Since the start of the pandemic, coping mechanisms have been eradicated for many suffering with many forms of mental health problems. This has meant that some with EDs struggle even more with the day-to-day mundanity of lockdown.

The ED charity Beat, define eating disorders as “serious mental illnesses affecting people of all ages, genders, ethnicities and backgrounds. People with eating disorders use disordered eating behaviour as a way to cope with difficult situations or feelings.”

Alice*, 23 from Hertfordshire is like any other 20-something currently, missing the luxury of gig going and travelling around the globe.

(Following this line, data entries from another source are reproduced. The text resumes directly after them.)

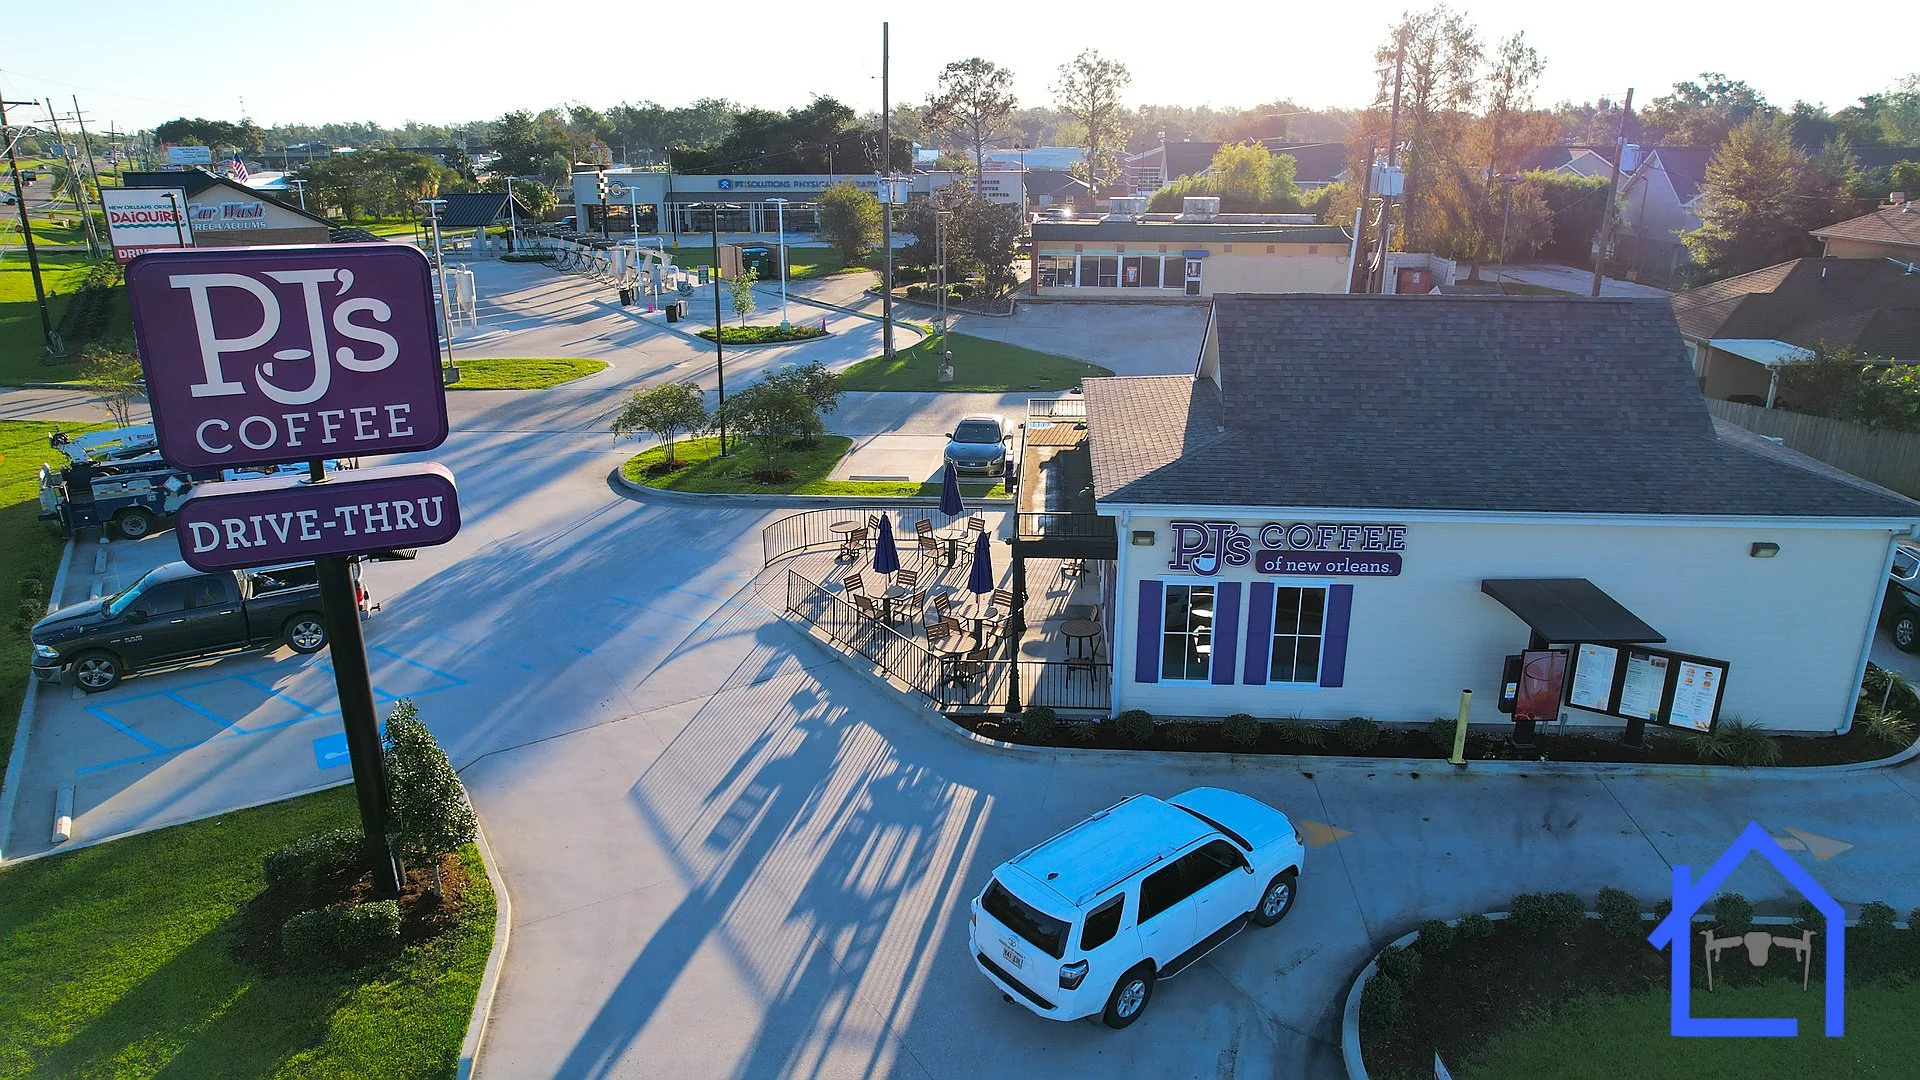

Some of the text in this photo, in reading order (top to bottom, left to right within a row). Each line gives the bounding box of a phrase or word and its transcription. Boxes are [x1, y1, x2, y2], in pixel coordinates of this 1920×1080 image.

[746, 180, 791, 189] SOLUTIONS
[793, 180, 834, 189] PHYSICA
[189, 203, 264, 220] Car Wash
[218, 221, 267, 230] VACUUMS
[169, 268, 399, 406] PJ's
[195, 403, 414, 454] COFFEE
[189, 496, 444, 554] DRIVE-THRU
[1258, 523, 1409, 552] COFFEE
[1168, 521, 1253, 577] PJ's
[1264, 556, 1284, 573] of
[1286, 559, 1322, 573] new

With having the ‘heyday’ being halted for young adults since March 2020, Alice( like the rest of us) is wanting nothing more to socialise again with her friends and to have a drink or two in a pub garden.

However, Alice hasn’t just been struggling with her early 20s passing swiftly by,Alice has been struggling with an eating disorder in the midst of a pandemic.

Alice was diagnosed with ENOS (eating disorder not other specified) in 2019 when she was 20 years old, “I can link my eating habits back to around 2016; I was unable to eat properly for a month and the weight just dropped off me”.

“Obviously I then got loads of comments from people about how good I looked which just fuelled me to try and stay that size. I never use to see anything wrong with my eating until I started putting weight back on,” she said.

“I sat back and realised what I was about to do to lose weight again and it put things into perspective. I spoke to my therapist at the time about it and I ended up being diagnosed with EDNOS.”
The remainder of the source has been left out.